Output every record word for word.

- DATASET

====

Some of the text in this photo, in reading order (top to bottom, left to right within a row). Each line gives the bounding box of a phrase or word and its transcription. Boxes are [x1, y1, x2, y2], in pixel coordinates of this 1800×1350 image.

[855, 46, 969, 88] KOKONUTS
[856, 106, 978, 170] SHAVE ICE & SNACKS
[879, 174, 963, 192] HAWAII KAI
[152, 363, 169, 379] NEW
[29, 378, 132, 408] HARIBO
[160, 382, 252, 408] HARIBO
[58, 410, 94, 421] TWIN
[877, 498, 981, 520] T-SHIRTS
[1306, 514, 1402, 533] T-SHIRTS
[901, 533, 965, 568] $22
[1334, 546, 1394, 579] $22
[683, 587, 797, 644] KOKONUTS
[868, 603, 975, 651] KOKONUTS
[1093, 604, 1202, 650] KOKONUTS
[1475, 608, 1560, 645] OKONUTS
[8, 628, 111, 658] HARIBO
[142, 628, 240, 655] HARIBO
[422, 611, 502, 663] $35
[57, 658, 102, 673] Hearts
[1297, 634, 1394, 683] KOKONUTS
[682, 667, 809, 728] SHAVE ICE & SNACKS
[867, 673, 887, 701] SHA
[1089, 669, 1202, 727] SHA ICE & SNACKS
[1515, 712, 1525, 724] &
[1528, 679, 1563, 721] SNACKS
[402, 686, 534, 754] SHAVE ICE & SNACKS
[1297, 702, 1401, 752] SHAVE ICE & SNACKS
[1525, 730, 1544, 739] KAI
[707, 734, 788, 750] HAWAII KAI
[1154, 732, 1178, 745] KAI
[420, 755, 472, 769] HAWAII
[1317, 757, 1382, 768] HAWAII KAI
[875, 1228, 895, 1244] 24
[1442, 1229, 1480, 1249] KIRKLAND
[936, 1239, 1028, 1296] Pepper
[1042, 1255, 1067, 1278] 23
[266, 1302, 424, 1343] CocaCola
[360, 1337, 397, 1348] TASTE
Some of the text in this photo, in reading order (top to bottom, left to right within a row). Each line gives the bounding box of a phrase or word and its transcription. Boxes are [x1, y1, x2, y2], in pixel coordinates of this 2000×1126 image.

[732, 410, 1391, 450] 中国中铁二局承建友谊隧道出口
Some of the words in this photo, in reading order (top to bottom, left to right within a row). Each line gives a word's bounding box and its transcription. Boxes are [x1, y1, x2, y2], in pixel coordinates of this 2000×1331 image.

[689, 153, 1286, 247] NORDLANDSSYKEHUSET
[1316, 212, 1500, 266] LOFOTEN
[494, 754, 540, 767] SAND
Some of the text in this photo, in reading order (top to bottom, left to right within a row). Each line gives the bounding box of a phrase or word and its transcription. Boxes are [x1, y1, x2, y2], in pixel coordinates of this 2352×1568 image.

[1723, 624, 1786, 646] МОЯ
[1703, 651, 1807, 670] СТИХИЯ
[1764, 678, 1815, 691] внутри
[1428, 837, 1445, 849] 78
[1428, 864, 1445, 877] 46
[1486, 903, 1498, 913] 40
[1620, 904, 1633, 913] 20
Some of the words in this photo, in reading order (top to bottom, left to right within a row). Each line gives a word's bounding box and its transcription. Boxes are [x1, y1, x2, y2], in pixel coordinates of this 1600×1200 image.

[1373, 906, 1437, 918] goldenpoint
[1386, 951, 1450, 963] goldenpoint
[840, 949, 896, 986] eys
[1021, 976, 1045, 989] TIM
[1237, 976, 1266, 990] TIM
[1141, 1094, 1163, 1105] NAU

====

- EXERCISE RESULT
Some of the text in this photo, in reading order (top to bottom, left to right within a row). Each line gives the bounding box of a phrase or word and its transcription. Boxes are [x1, y1, x2, y2], in pixel coordinates of this 1800×1350 image.

[855, 46, 969, 88] KOKONUTS
[856, 106, 978, 170] SHAVE ICE & SNACKS
[879, 174, 963, 192] HAWAII KAI
[152, 363, 169, 379] NEW
[29, 378, 132, 408] HARIBO
[160, 382, 252, 408] HARIBO
[58, 410, 94, 421] TWIN
[877, 498, 981, 520] T-SHIRTS
[1306, 514, 1402, 533] T-SHIRTS
[901, 533, 965, 568] $22
[1334, 546, 1394, 579] $22
[683, 587, 797, 644] KOKONUTS
[868, 603, 975, 651] KOKONUTS
[1093, 604, 1202, 650] KOKONUTS
[1475, 608, 1560, 645] OKONUTS
[8, 628, 111, 658] HARIBO
[142, 628, 240, 655] HARIBO
[422, 611, 502, 663] $35
[57, 658, 102, 673] Hearts
[1297, 634, 1394, 683] KOKONUTS
[682, 667, 809, 728] SHAVE ICE & SNACKS
[867, 673, 887, 701] SHA
[1089, 669, 1202, 727] SHA ICE & SNACKS
[1515, 712, 1525, 724] &
[1528, 679, 1563, 721] SNACKS
[402, 686, 534, 754] SHAVE ICE & SNACKS
[1297, 702, 1401, 752] SHAVE ICE & SNACKS
[1525, 730, 1544, 739] KAI
[707, 734, 788, 750] HAWAII KAI
[1154, 732, 1178, 745] KAI
[420, 755, 472, 769] HAWAII
[1317, 757, 1382, 768] HAWAII KAI
[875, 1228, 895, 1244] 24
[1442, 1229, 1480, 1249] KIRKLAND
[936, 1239, 1028, 1296] Pepper
[1042, 1255, 1067, 1278] 23
[266, 1302, 424, 1343] CocaCola
[360, 1337, 397, 1348] TASTE
Some of the text in this photo, in reading order (top to bottom, left to right within a row). Each line gives the bounding box of a phrase or word and its transcription. Boxes are [x1, y1, x2, y2], in pixel coordinates of this 2000×1126 image.

[732, 410, 1391, 450] 中国中铁二局承建友谊隧道出口
Some of the words in this photo, in reading order (top to bottom, left to right within a row). Each line gives a word's bounding box and its transcription. Boxes are [x1, y1, x2, y2], in pixel coordinates of this 2000×1331 image.

[689, 153, 1286, 247] NORDLANDSSYKEHUSET
[1316, 212, 1500, 266] LOFOTEN
[494, 754, 540, 767] SAND
Some of the text in this photo, in reading order (top to bottom, left to right within a row). Each line gives the bounding box of a phrase or word and its transcription. Boxes are [x1, y1, x2, y2], in pixel coordinates of this 2352×1568 image.

[1723, 624, 1786, 646] МОЯ
[1703, 651, 1807, 670] СТИХИЯ
[1764, 678, 1815, 691] внутри
[1428, 837, 1445, 849] 78
[1428, 864, 1445, 877] 46
[1486, 903, 1498, 913] 40
[1620, 904, 1633, 913] 20
Some of the words in this photo, in reading order (top to bottom, left to right within a row). Each line gives a word's bounding box and its transcription. Boxes are [x1, y1, x2, y2], in pixel coordinates of this 1600×1200 image.

[1373, 906, 1437, 918] goldenpoint
[1386, 951, 1450, 963] goldenpoint
[840, 949, 896, 986] eys
[1021, 976, 1045, 989] TIM
[1237, 976, 1266, 990] TIM
[1141, 1094, 1163, 1105] NAU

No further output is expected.